Esto es difícil de responder. Es posible, como ha argumentado el renombrado biógrafo y crítico Henri Godard, separar algunas secciones de mérito artístico, como los ballets que Céline insertó en sus panfletos, de sus terribles peroratas antisemitas. Estas secciones son innegablemente poéticas, de interés estético y están libres del lenguaje altamente incendiario que se encuentra en otras partes de los folletos. Pero, en mi opinión, la impresión primordial que deja la lectura de estos panfletos es de conmoción por su lenguaje antisemita, más que de admiración por la calidad estética de las secciones no antisemitas. Si bien hay pasajes innegablemente hermosos y sugerentes en los folletos, que ocasionalmente tienen la misma calidad estilística que las novelas, la política era el principal objetivo de Céline en los folletos. En las novelas, es al revés. Por lo tanto, el punto de partida para evaluar sus logros estilísticos es, en mi opinión, su ficción y no sus folletos, que deben leerse de manera mucho más selectiva y circunspecta.
¿Deberían reeditarse los panfletos?
Actualmente hay un feroz debate en Francia sobre los pros y los contras de que Gallimard vuelva a publicarlos. Algunos se oponen firmemente mientras que otros están a favor, siempre que exista un aparato crítico históricamente informado que sitúe los panfletos en el contexto del antisemitismo en Francia y deje en claro que fueron parte integral de ese contexto. Yo, personalmente, apoyo el último enfoque. Por el momento, los folletos solo están disponibles en Francia en bibliotecas y en librerías de segunda mano o, peor aún, se pueden encontrar en sitios web de extrema derecha, a menudo de forma descontextualizada y sensacionalista. Es mucho mejor, en mi opinión, tenerlos a la vista, adecuadamente enmarcados y discutidos por académicos especialistas, en lugar de que sean llevados a la clandestinidad y malversados por grupos políticamente siniestros.

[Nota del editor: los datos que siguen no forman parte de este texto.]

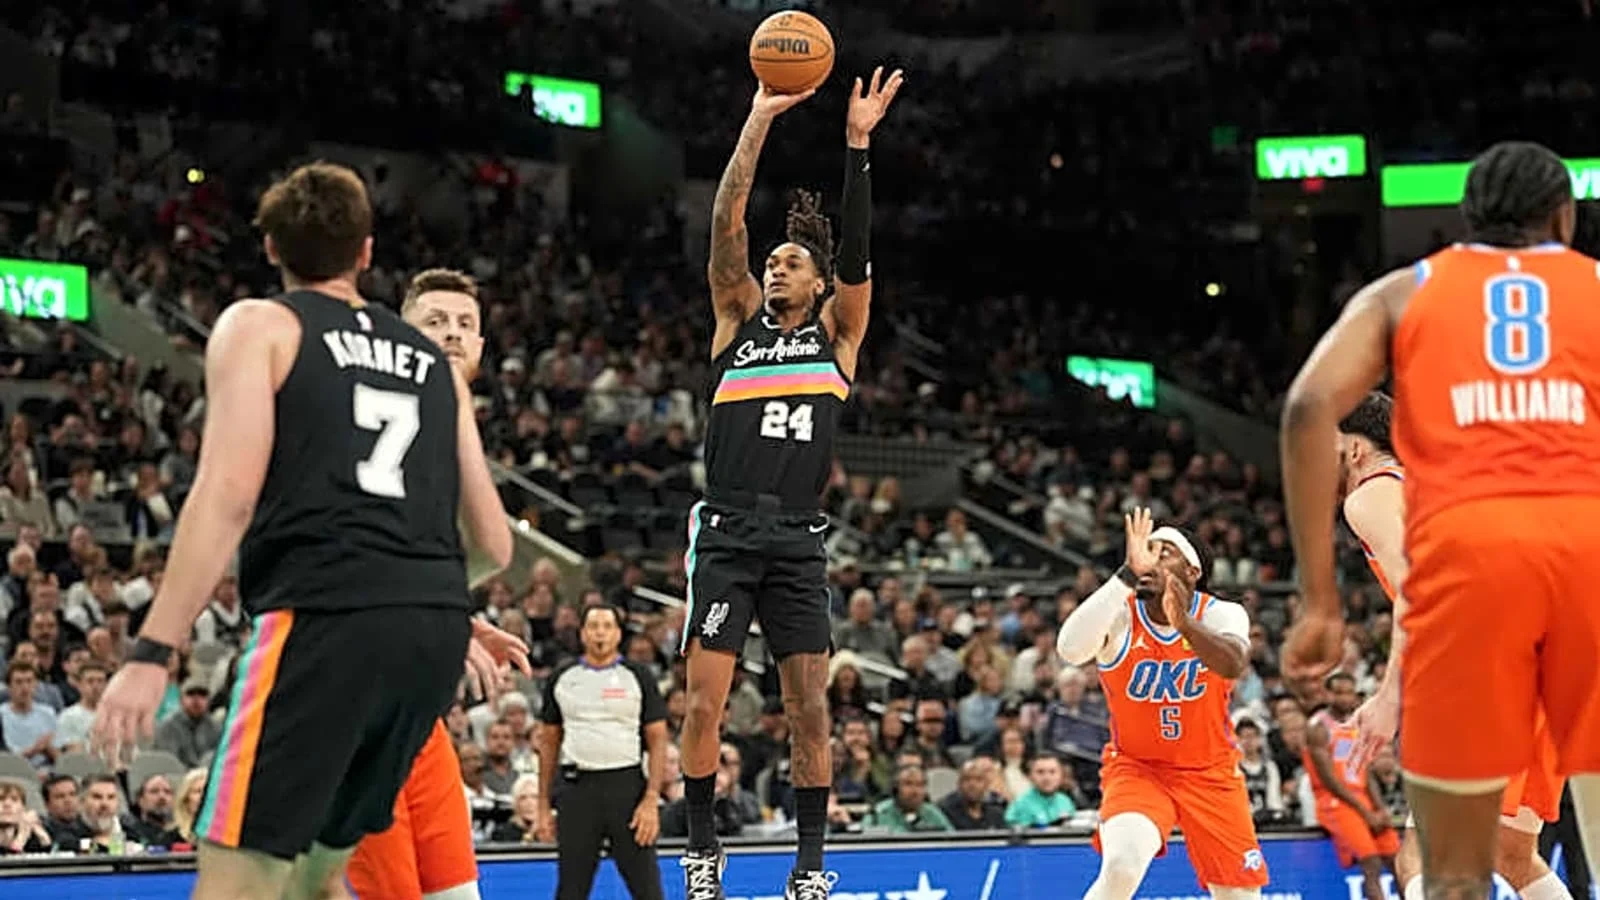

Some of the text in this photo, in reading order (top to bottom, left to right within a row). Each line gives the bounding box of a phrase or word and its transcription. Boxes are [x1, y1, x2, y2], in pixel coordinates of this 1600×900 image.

[1264, 145, 1348, 178] viva
[1483, 272, 1551, 375] 8
[760, 401, 814, 441] 24
[1450, 378, 1586, 427] WILLIAMS
[353, 382, 420, 498] 7
[1126, 658, 1208, 703] OKC
[1160, 706, 1181, 739] 5
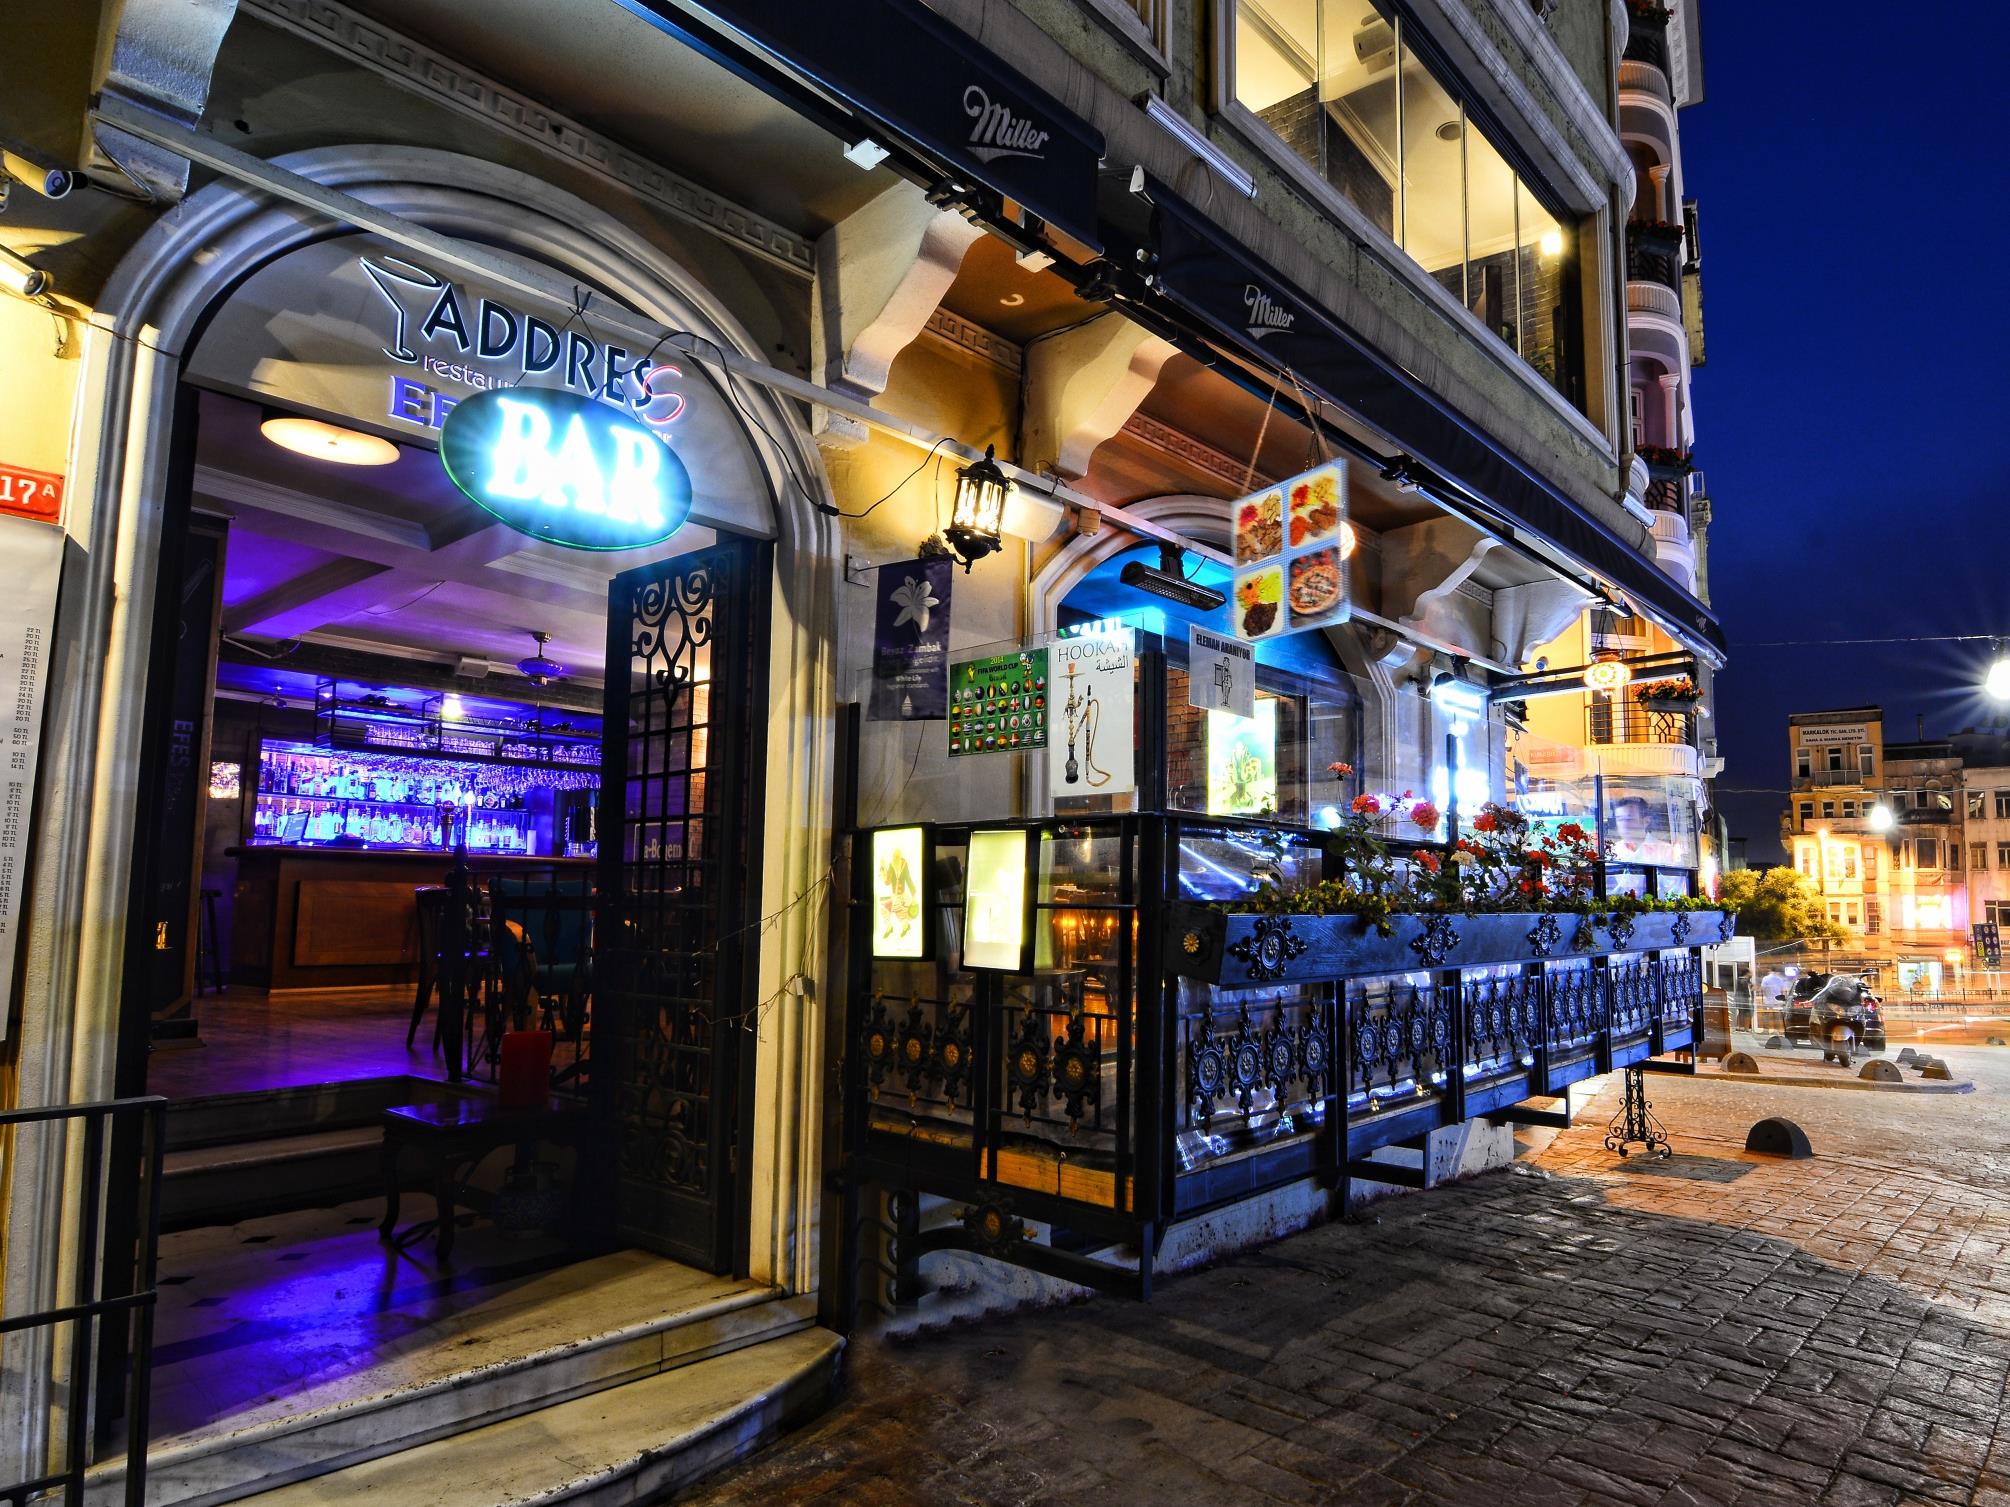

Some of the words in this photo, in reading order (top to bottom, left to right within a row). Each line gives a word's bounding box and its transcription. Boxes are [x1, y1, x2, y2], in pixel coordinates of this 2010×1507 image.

[963, 85, 1050, 150] Miller
[1244, 284, 1295, 328] Miller
[486, 397, 666, 530] BAR
[1196, 633, 1220, 651] ELEMAN
[977, 667, 989, 675] FIFA
[989, 664, 1008, 672] WORLD
[990, 656, 1004, 665] 2014
[1095, 654, 1129, 674] الشيشة

¿Leyó Guerre, su novela inédita recientemente publicada?
Sí, la disfruté mucho. Aunque no fue su borrador final, es inmediatamente reconocible como una novela de Céline. Encontramos en ella el estilo típicamente directo, enérgico y visceral, su uso de la lengua vernácula, su humor negro, su simpatía por los desvalidos, etc. De alguna manera, esta novela puede verse como el eslabón perdido entre Viaje al fin de la noche y Muerte a crédito. Incluso con la versión del texto que tenemos (recordemos que su editor belga, Robert Denoël, suprimió ciertos pasajes de Muerte a crédito, porque consideraba que su contenido era demasiado sexual para los lectores de la época), el don de Céline para capturar emociones fuertes de manera sucinta se muestra ya en la página dos, con la maravillosa frase: J’ai attrapé la guerre dans ma tête (capté la guerra en mi cabeza).
¿Qué nos perdemos si “cancelamos” a Céline?

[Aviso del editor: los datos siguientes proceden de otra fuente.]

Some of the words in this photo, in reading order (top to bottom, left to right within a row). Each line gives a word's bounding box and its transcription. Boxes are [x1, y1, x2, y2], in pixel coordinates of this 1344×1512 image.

Es moralmente justificable, en el caso de Céline, separar al hombre de la obra, porque su antisemitismo estaba solo en los panfletos y no en sus novelas. Este punto es crucial, porque nos permite evaluar su ficción por sus propios méritos. Muy diferente sería si las novelas fuesen también antisemitas; entonces, creo, Céline debería ser “cancelado”. Como judío y colega novelista, Philip Roth fue perfectamente capaz de hacer esta distinción entre Céline, el gran escritor, y el simpatizante antisemita del fascismo. En una entrevista de 1984, Roth dijo algo a lo que suscribo plenamente: “¡A decir verdad, en Francia, mi Proust es Céline! Ahí hay un gran escritor. Incluso si su antisemitismo lo convirtió en una persona abyecta e intolerable. Para leerlo, tengo que suspender mi conciencia judía, pero lo hago, porque el antisemitismo no está en el corazón de sus libros, ni siquiera de Castle to Castle. Céline es un gran liberador. Me siento llamado por su voz”.
Louis-Ferdinand Céline: Journeys to the Extreme, Damian Catani, Reaktion Books, 2021, 400 páginas, US$35.